**TASK ITEM:** Restate the records in full and exactly, with no images included.
──────── SUPPLIED INFORMATION ────────
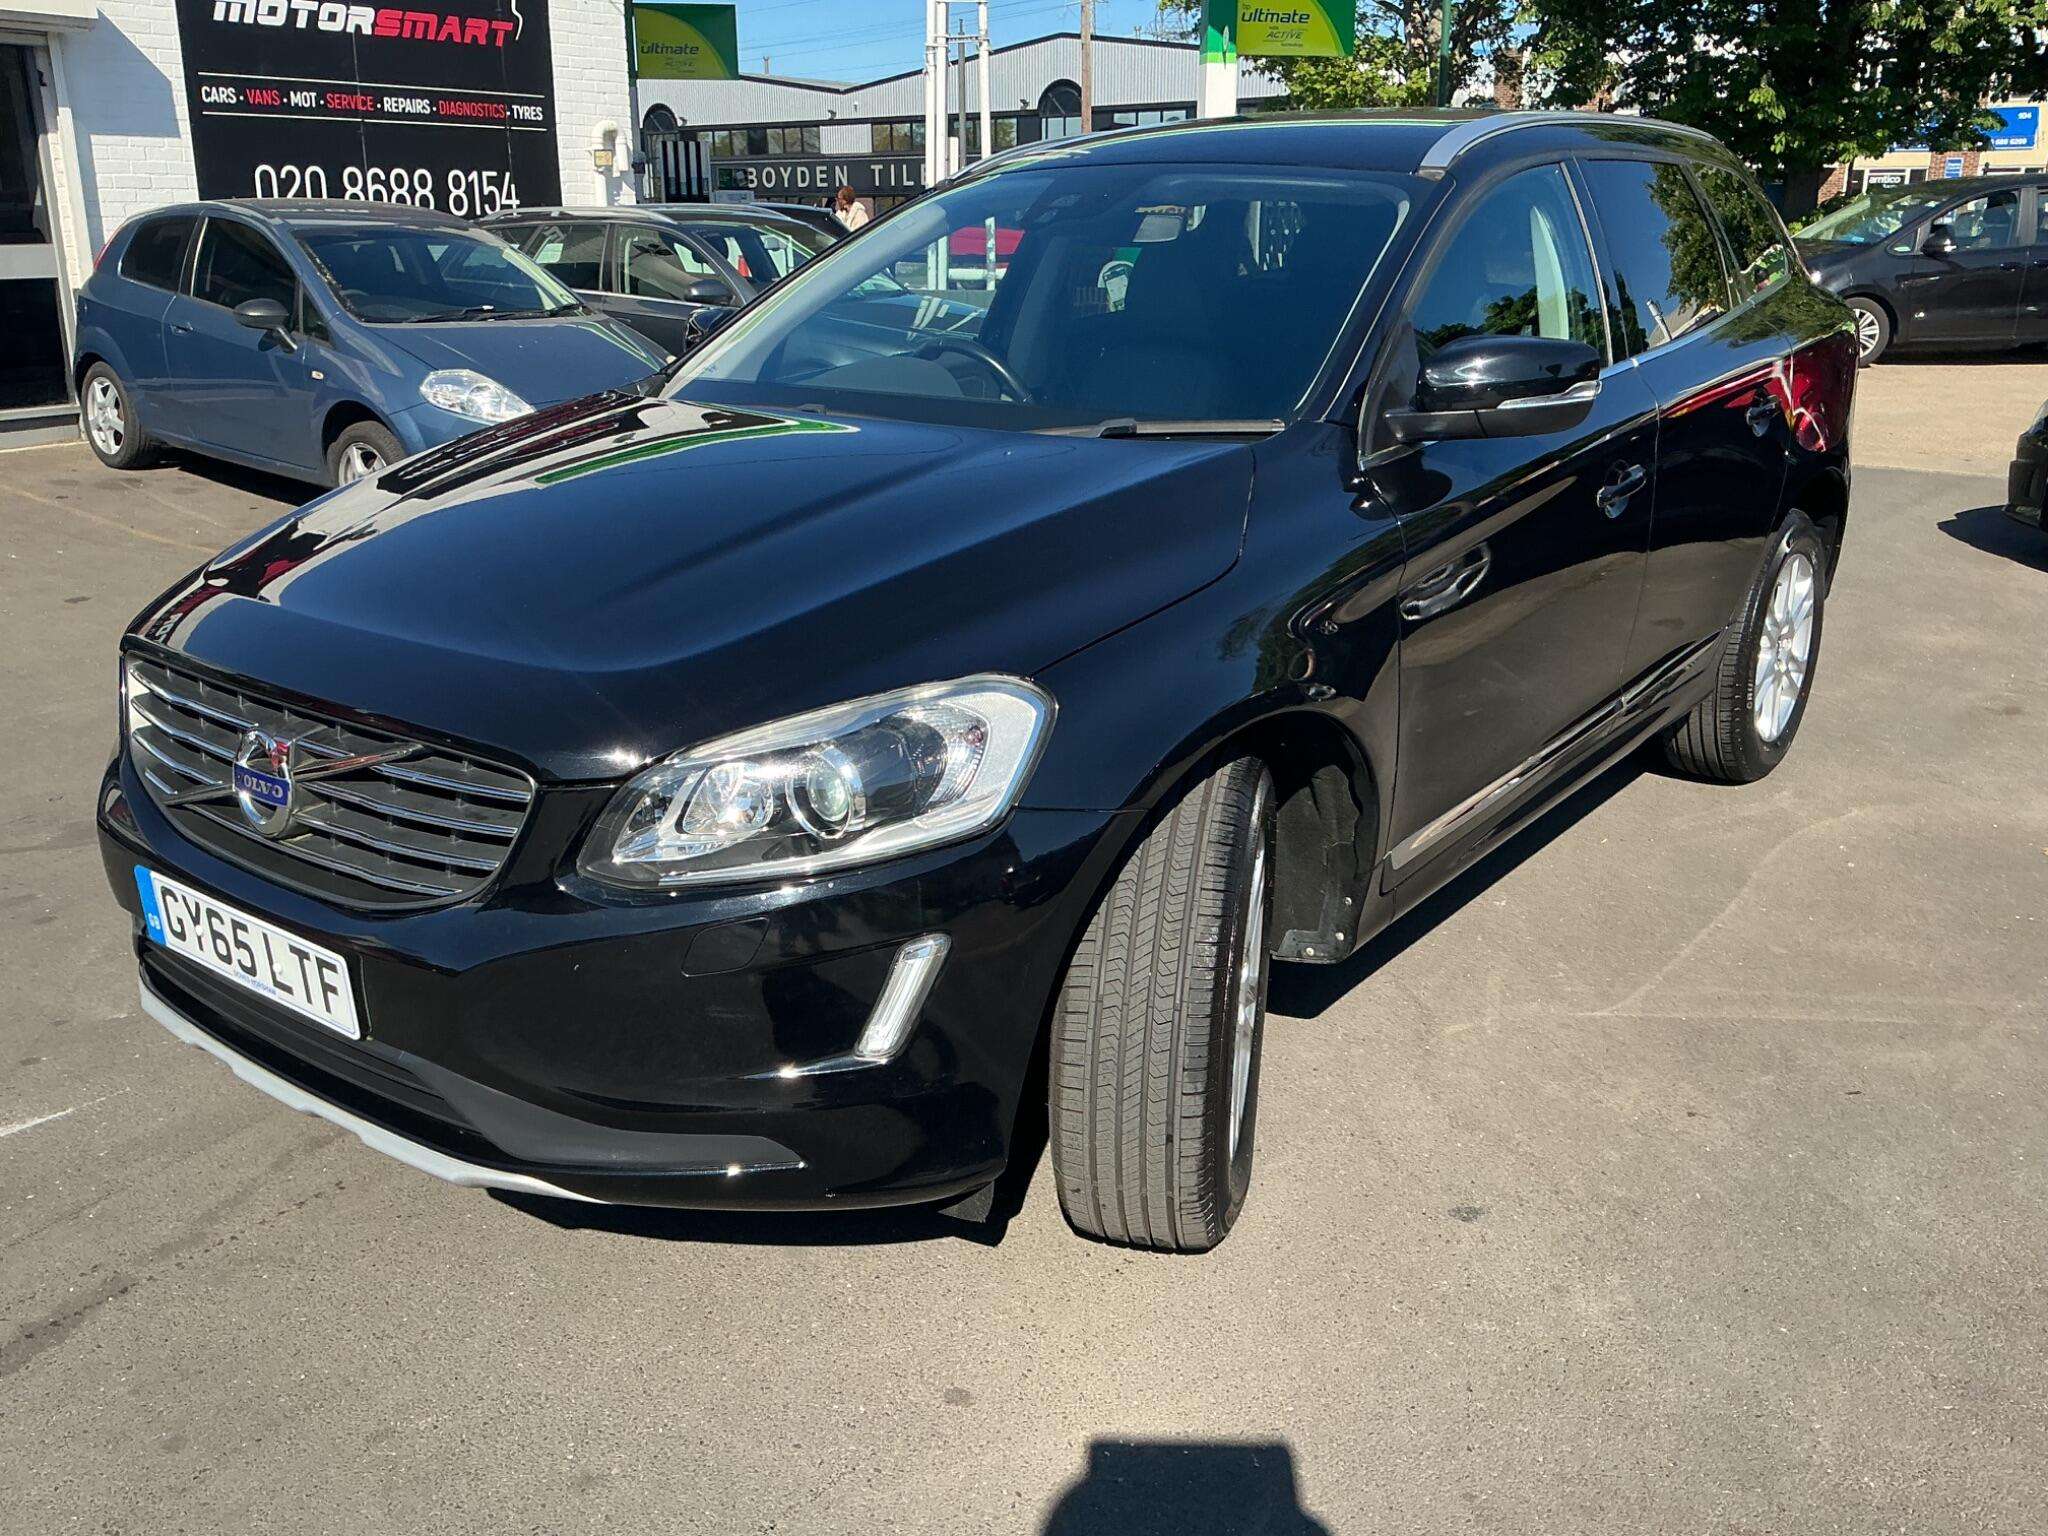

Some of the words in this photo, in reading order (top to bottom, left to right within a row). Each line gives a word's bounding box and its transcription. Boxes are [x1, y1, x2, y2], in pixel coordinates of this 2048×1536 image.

[213, 0, 514, 46] MOTORSMART
[1241, 8, 1310, 24] ultimate
[641, 43, 699, 55] ultimate
[201, 86, 236, 104] CARS
[246, 88, 281, 106] VANS
[290, 91, 317, 108] MOT
[326, 93, 374, 111] SERVICE
[383, 97, 431, 114] REPAIRS
[438, 100, 506, 118] DIAGNOSTICS
[512, 105, 543, 120] TYRES
[254, 165, 327, 199] 020
[343, 166, 435, 210] 8688
[447, 169, 520, 217] 8154
[748, 165, 848, 188] BOYDEN
[160, 885, 258, 978] GY65
[262, 931, 339, 1015] LTF
────────
**RESULT OF THIS TASK:**
Some of the words in this photo, in reading order (top to bottom, left to right within a row). Each line gives a word's bounding box and its transcription. Boxes are [x1, y1, x2, y2], in pixel coordinates of this 2048×1536 image.

[213, 0, 514, 46] MOTORSMART
[1241, 8, 1310, 24] ultimate
[641, 43, 699, 55] ultimate
[201, 86, 236, 104] CARS
[246, 88, 281, 106] VANS
[290, 91, 317, 108] MOT
[326, 93, 374, 111] SERVICE
[383, 97, 431, 114] REPAIRS
[438, 100, 506, 118] DIAGNOSTICS
[512, 105, 543, 120] TYRES
[254, 165, 327, 199] 020
[343, 166, 435, 210] 8688
[447, 169, 520, 217] 8154
[748, 165, 848, 188] BOYDEN
[160, 885, 258, 978] GY65
[262, 931, 339, 1015] LTF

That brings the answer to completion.